Majid Entezami () (born 9 March 1948) is an Iranian composer, conductor, musician and oboist. He composed music for 9 television series, 10 suite symphonies and over 80 movies. His works include The Cyclist, The Fateful Day, The Glass Agency and The Insane Flew Away, all of which he was awarded the best award for film music for in the International Fajr Film Festival of Tehran. Besides that, his music for The Train, Once Upon A Time, Cinema, From Karkheh To Rhine, Attack on H-3, The Fragrance of Joseph's Shirt, Duel, A Place To Live, Intense Cold, The Saint Mary, The Men of Anjelos, The Wolves and The Loneliest General are some of his most notable, memorable and nostalgic works for Iranians. Majid Entezami is one of the most active film composers after the revolution of Iran.

Early life 
Majid Entezami was born in 1948 in Tehran. He played the oboe at the Tehran Conservatory of Music. After graduation he was forced to travel to Germany for a medical operation and decided to continue his studies at State University of West Berlin under the supervision of Karl Steins and Lothar Koch in 1968. He performed successful concerts with Berlin University Symphony Orchestra in Lyon, Nancy and Marseille, France from 1969 to 1972.

In 1973 Entezami came to Iran by the invitation of Tehran Symphony Orchestra and performed a successful Mozart concert as oboe soloist, conducted by Helge Dorsch. After this concert Journal de Tehran called him one of the most talented young musicians in Iran.

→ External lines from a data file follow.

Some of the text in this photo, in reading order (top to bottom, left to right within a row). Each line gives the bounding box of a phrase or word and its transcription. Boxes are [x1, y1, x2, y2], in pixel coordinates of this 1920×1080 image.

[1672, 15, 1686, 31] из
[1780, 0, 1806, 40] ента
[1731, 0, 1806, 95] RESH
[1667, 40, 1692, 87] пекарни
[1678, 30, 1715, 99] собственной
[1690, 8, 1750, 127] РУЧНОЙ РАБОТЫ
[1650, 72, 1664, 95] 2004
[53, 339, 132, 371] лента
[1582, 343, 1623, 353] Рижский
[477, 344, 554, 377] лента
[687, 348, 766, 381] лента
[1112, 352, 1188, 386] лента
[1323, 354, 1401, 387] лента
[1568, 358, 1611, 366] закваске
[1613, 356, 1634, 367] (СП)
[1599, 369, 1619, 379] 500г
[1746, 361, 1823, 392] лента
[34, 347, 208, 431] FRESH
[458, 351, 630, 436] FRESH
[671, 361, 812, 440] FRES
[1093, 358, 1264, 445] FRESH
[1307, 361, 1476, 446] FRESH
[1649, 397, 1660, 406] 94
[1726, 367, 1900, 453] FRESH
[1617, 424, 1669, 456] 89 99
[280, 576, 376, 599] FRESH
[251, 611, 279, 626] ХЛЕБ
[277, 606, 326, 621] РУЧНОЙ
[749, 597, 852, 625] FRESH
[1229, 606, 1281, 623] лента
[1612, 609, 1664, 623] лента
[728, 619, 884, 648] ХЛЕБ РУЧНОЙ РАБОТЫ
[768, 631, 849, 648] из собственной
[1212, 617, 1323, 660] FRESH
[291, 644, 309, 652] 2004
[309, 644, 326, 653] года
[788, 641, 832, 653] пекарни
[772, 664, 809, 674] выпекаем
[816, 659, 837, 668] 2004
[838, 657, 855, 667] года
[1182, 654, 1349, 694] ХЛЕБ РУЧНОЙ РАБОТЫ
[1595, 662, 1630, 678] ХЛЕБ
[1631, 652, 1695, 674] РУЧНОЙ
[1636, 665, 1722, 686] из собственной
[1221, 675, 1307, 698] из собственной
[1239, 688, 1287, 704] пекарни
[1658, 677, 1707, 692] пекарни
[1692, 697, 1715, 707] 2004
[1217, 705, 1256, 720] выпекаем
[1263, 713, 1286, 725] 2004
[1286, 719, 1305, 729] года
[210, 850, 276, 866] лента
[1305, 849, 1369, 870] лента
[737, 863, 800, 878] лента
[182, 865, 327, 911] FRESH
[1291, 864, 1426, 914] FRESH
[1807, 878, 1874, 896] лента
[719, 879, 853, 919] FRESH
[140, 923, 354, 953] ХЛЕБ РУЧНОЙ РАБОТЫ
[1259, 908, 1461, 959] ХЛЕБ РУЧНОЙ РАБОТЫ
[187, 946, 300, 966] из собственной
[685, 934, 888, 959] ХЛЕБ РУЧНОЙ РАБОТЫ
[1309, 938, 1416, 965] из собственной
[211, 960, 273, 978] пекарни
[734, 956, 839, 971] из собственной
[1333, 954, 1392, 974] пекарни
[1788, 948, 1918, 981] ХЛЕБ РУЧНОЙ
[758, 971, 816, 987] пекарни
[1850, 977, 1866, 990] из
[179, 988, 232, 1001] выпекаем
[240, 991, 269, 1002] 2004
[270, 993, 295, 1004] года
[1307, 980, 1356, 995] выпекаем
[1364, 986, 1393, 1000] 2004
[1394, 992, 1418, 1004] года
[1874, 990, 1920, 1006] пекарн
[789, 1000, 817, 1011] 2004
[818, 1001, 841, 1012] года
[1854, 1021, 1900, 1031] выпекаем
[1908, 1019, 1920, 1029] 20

Then he returned to Germany as a member of the Berlin Symphony Orchestra and West Deutsche Philharmonie.

In 1974 he became a member of Tehran Symphony Orchestra as well as teacher at the Tehran Conservatory and music department of Tehran University. After his return he has performed two oboe recitals with Lucette Martirossian on piano and harpsichord and Ivan Pristas on bassoon in 1976 and a concert with the  orchestra conducted by Ali Rahbari and Valodia Tarkhanian as viola d’amore soloist.

Becoming a film composer 
Despite being the son of famous Iranian actor Ezzatollah Entezami, Majid's entrance into the cinema industry was his own.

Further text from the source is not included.